[[ Data to use, beginning ]]

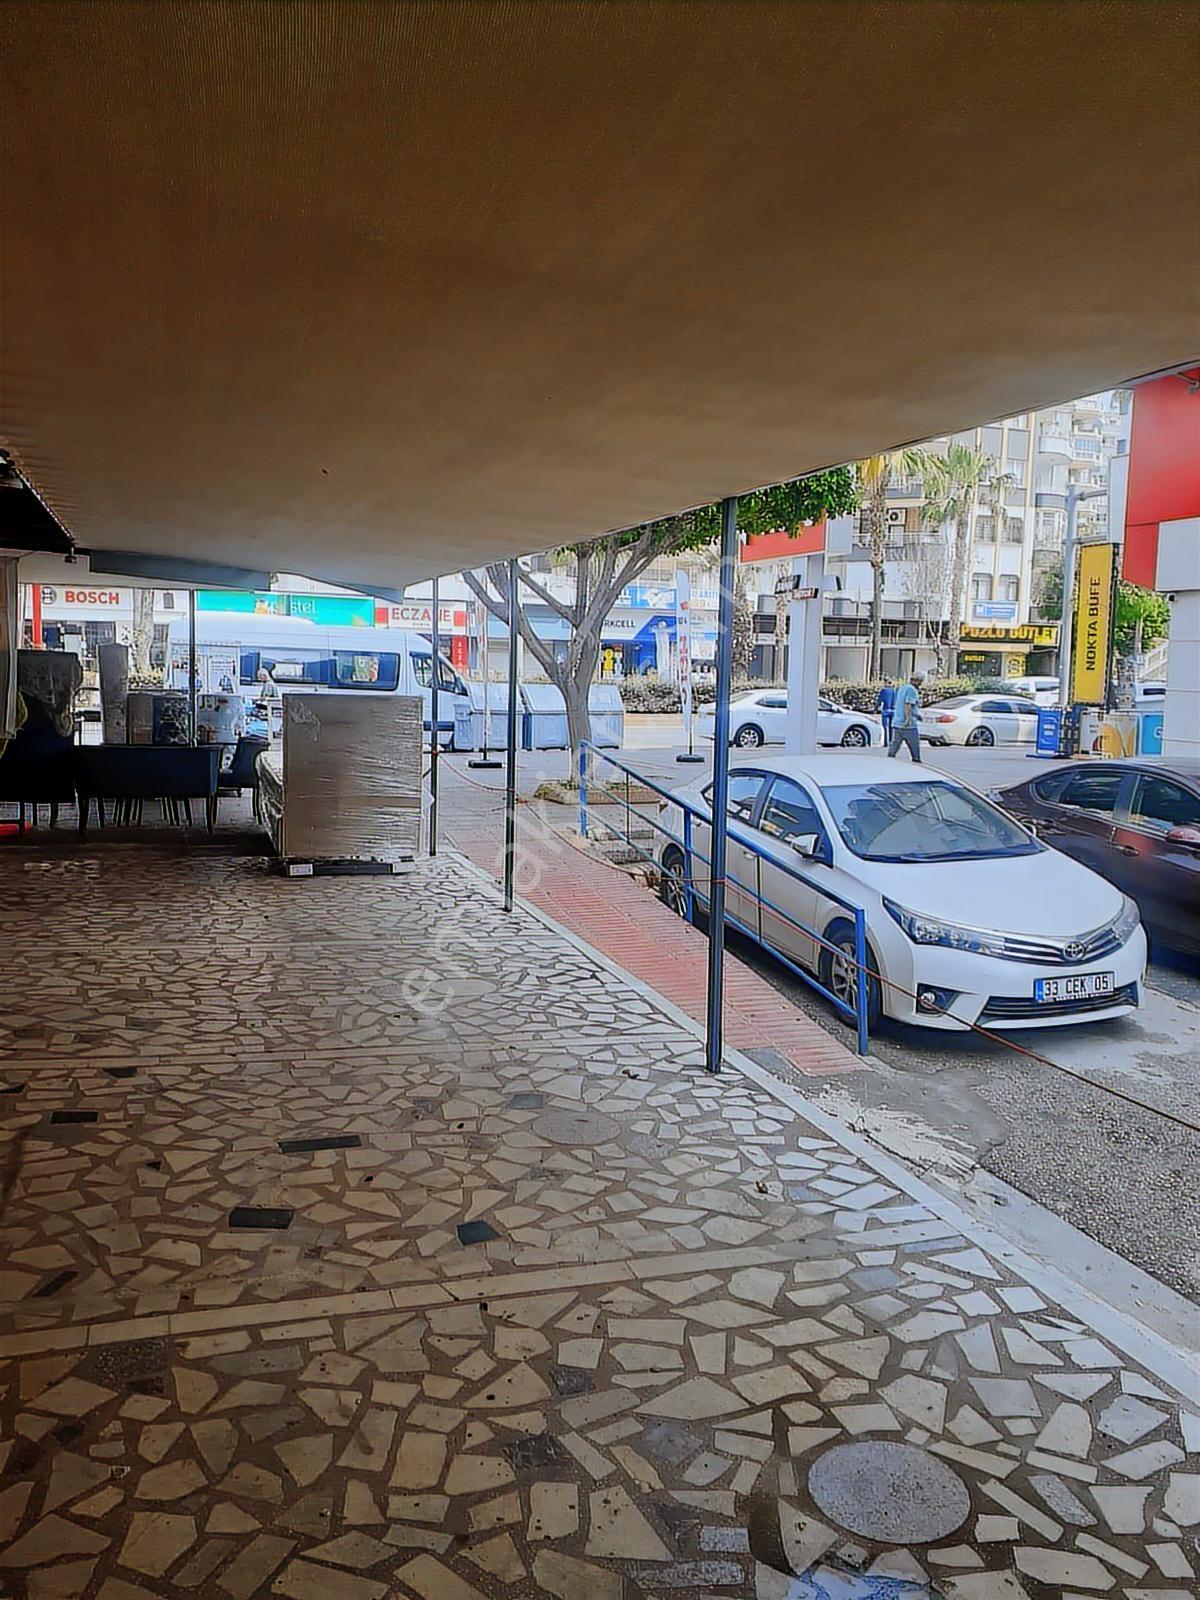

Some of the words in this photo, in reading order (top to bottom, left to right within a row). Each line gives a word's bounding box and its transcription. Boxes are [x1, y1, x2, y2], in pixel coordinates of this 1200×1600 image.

[64, 591, 120, 604] BOSCH
[1086, 620, 1099, 671] NOKTA
[1045, 981, 1059, 996] 33
[1066, 977, 1088, 994] CEK
[1095, 975, 1109, 991] 05
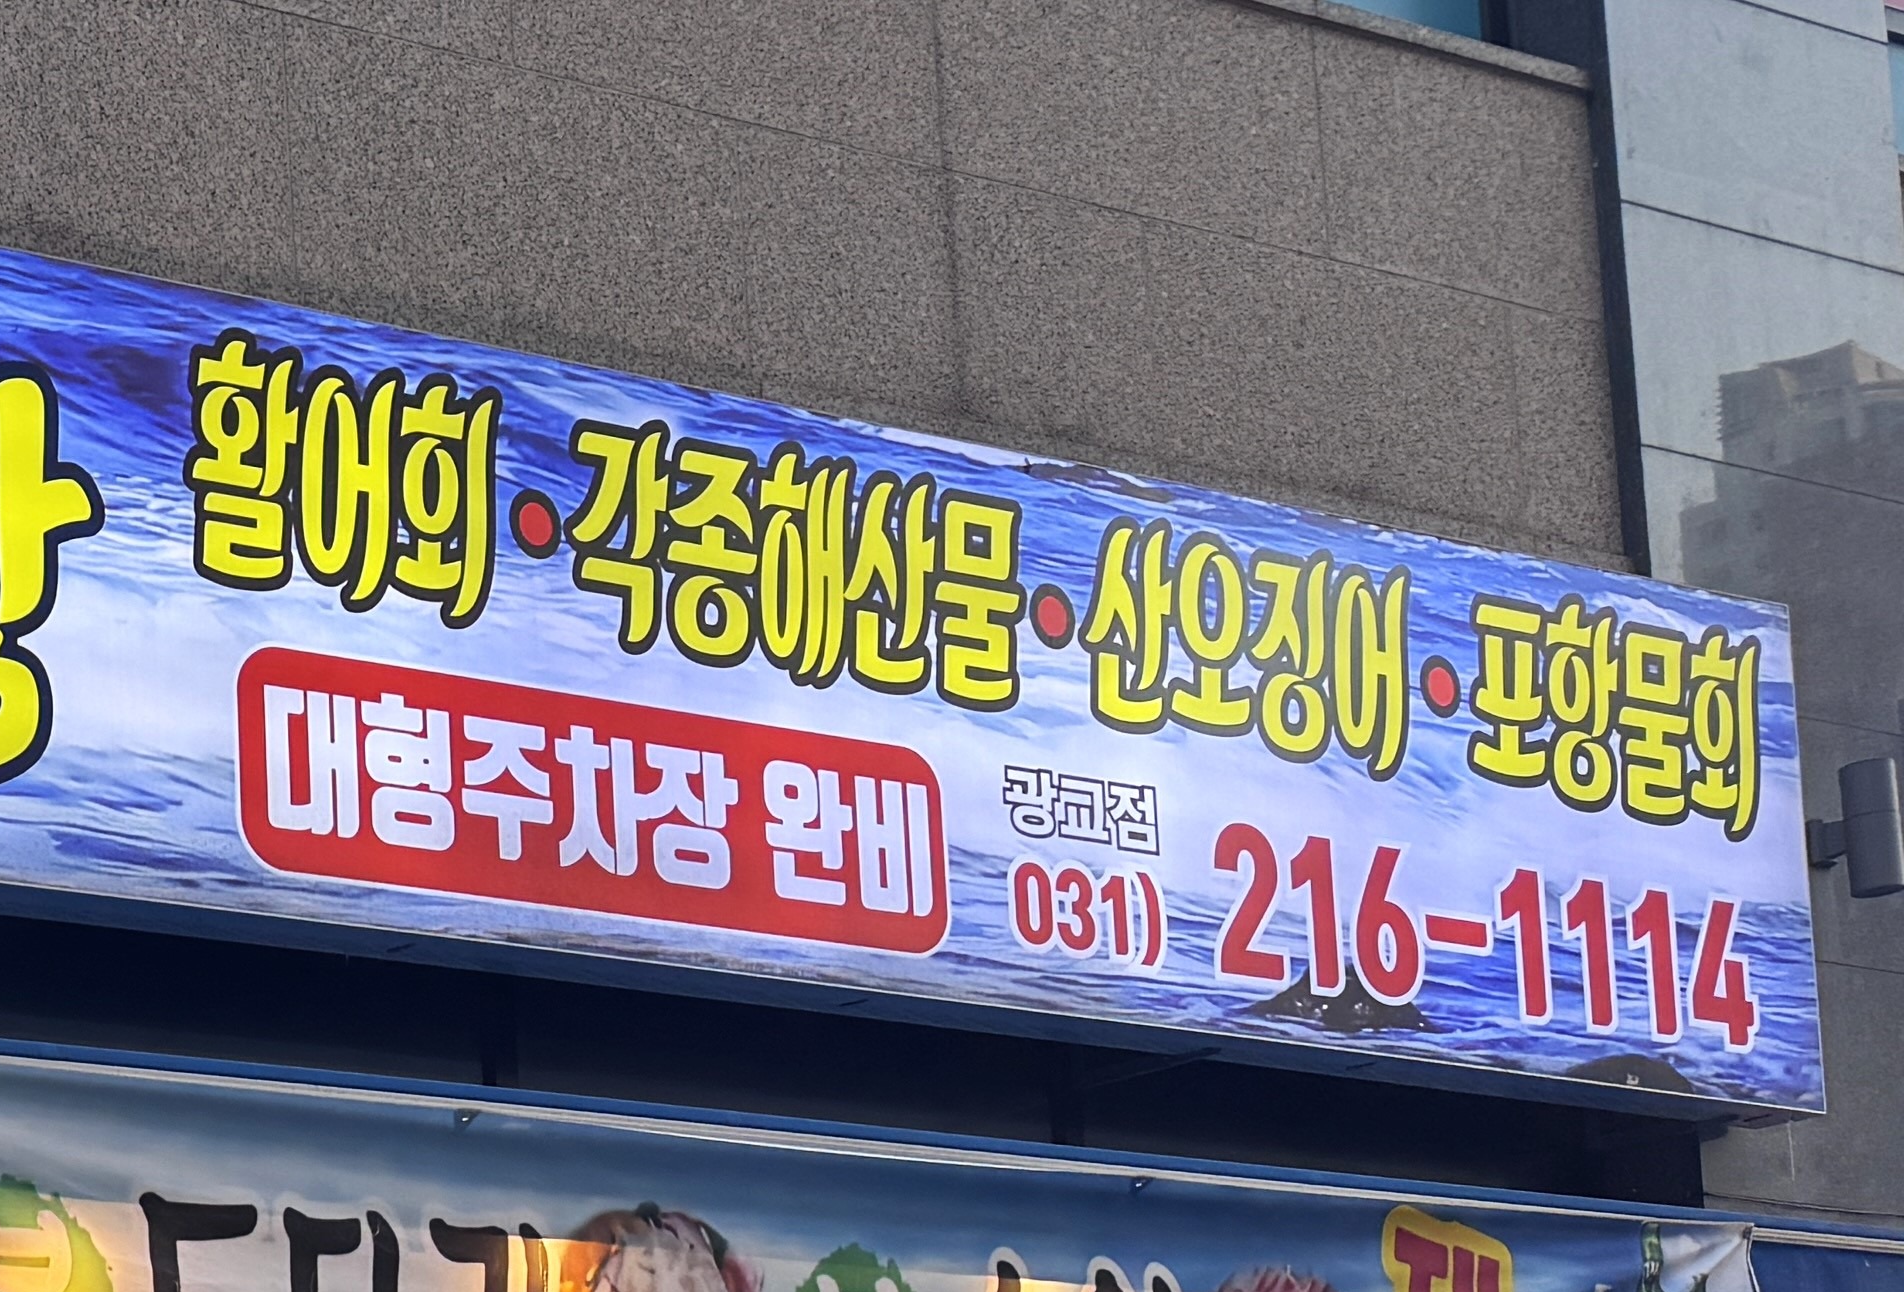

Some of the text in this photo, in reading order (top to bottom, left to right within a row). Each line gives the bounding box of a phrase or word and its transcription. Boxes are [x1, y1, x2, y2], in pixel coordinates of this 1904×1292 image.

[188, 328, 1765, 842] 활어회 각종해산물 산오징어 포항물회
[262, 678, 936, 921] 대형주차장 완비
[1001, 760, 1162, 859] 광교점
[1009, 819, 1762, 1054] 031) 216-1114
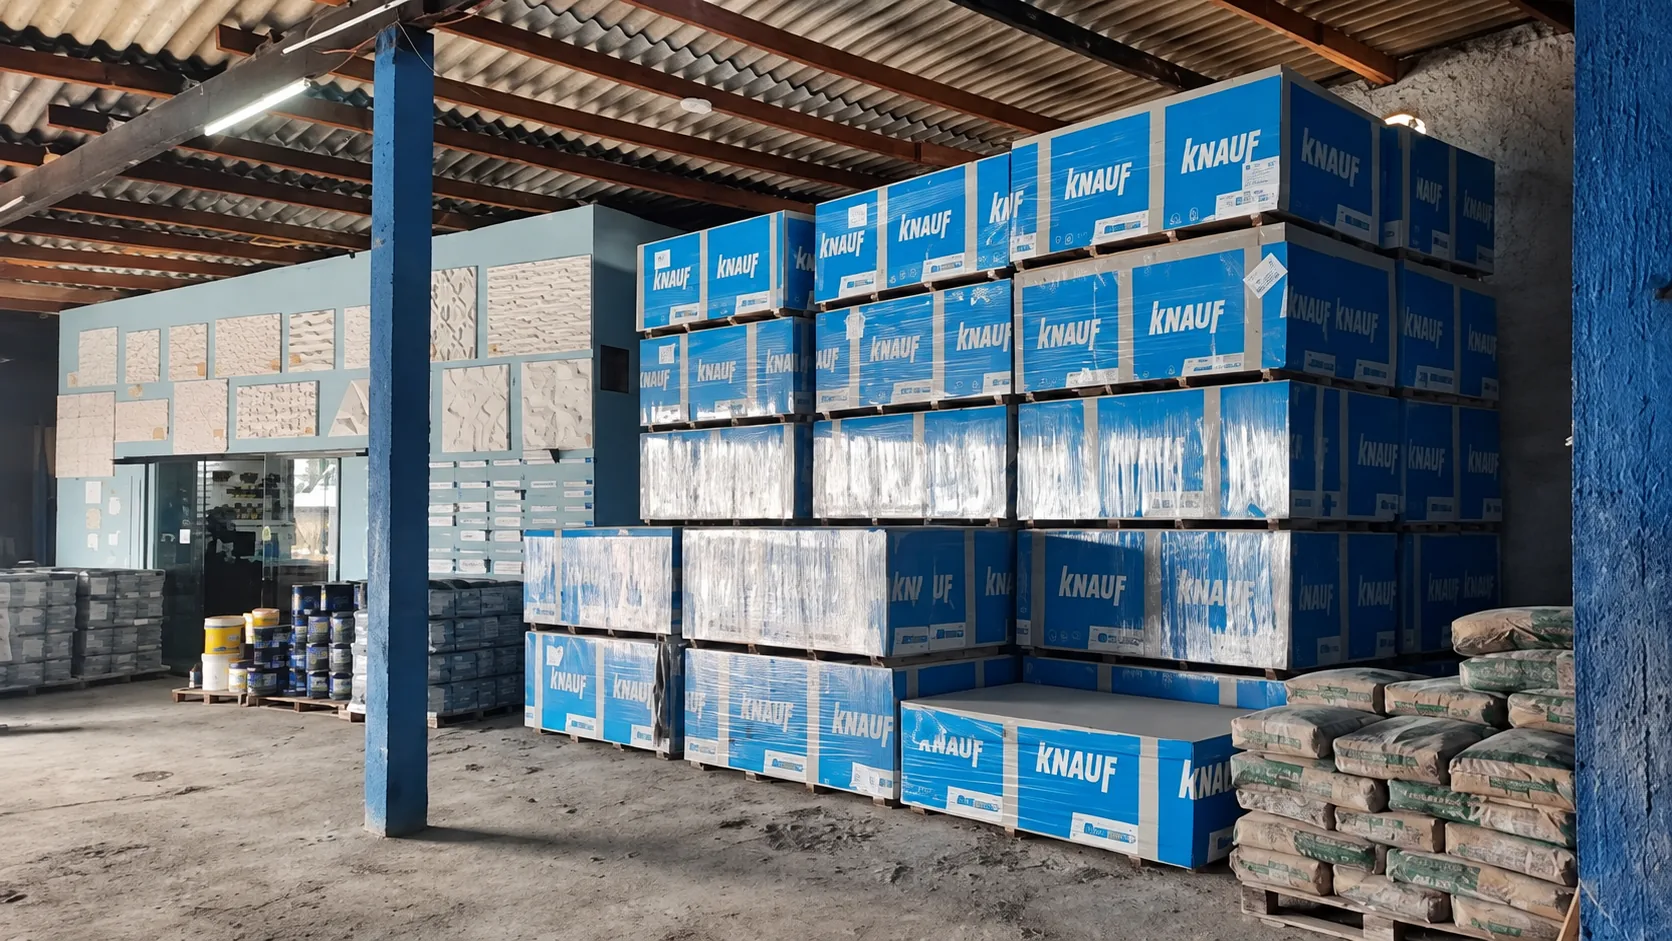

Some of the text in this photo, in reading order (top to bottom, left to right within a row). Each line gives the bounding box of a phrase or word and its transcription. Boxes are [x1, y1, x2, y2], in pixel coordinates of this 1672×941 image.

[1180, 128, 1262, 175] KNAUF
[1301, 127, 1361, 187] KNAUF
[1064, 161, 1133, 200] KNAUF
[898, 210, 952, 242] KNAUF
[1462, 189, 1494, 231] KNAUF
[819, 230, 865, 259] KNAUF
[653, 266, 691, 291] KNAUF
[716, 252, 760, 279] KNAUF
[956, 321, 1012, 352] KNAUF
[1036, 317, 1102, 351] KNAUF
[1148, 299, 1226, 336] KNAUF
[1335, 297, 1379, 344] KNAUF
[1403, 306, 1443, 349] KNAUF
[815, 347, 840, 373] AUF
[869, 335, 921, 364] KNAUF
[697, 359, 737, 384] KNAUF
[1357, 433, 1399, 475] KNAUF
[1408, 438, 1446, 477] KNAUF
[1058, 565, 1127, 607] KNAUF
[1357, 575, 1398, 612] KNAUF
[550, 666, 587, 700] KNAUF
[740, 692, 794, 733] KNAUF
[832, 702, 894, 748] KNAUF
[1035, 741, 1118, 794] KNAUF

[[ Data to use, end ]]

• [Assigned task]:
Line by line, print the records exactly, leaving the pictures behind.

• [Exercise answer]:
Some of the words in this photo, in reading order (top to bottom, left to right within a row). Each line gives a word's bounding box and its transcription. Boxes are [x1, y1, x2, y2], in pixel coordinates of this 1200×1600 image.

[64, 591, 120, 604] BOSCH
[1086, 620, 1099, 671] NOKTA
[1045, 981, 1059, 996] 33
[1066, 977, 1088, 994] CEK
[1095, 975, 1109, 991] 05

Some of the text in this photo, in reading order (top to bottom, left to right within a row). Each line gives the bounding box of a phrase or word and its transcription. Boxes are [x1, y1, x2, y2], in pixel coordinates of this 1904×1292 image.

[188, 328, 1765, 842] 활어회 각종해산물 산오징어 포항물회
[262, 678, 936, 921] 대형주차장 완비
[1001, 760, 1162, 859] 광교점
[1009, 819, 1762, 1054] 031) 216-1114

Some of the text in this photo, in reading order (top to bottom, left to right within a row). Each line gives the bounding box of a phrase or word and its transcription. Boxes are [x1, y1, x2, y2], in pixel coordinates of this 1672×941 image.

[1180, 128, 1262, 175] KNAUF
[1301, 127, 1361, 187] KNAUF
[1064, 161, 1133, 200] KNAUF
[898, 210, 952, 242] KNAUF
[1462, 189, 1494, 231] KNAUF
[819, 230, 865, 259] KNAUF
[653, 266, 691, 291] KNAUF
[716, 252, 760, 279] KNAUF
[956, 321, 1012, 352] KNAUF
[1036, 317, 1102, 351] KNAUF
[1148, 299, 1226, 336] KNAUF
[1335, 297, 1379, 344] KNAUF
[1403, 306, 1443, 349] KNAUF
[815, 347, 840, 373] AUF
[869, 335, 921, 364] KNAUF
[697, 359, 737, 384] KNAUF
[1357, 433, 1399, 475] KNAUF
[1408, 438, 1446, 477] KNAUF
[1058, 565, 1127, 607] KNAUF
[1357, 575, 1398, 612] KNAUF
[550, 666, 587, 700] KNAUF
[740, 692, 794, 733] KNAUF
[832, 702, 894, 748] KNAUF
[1035, 741, 1118, 794] KNAUF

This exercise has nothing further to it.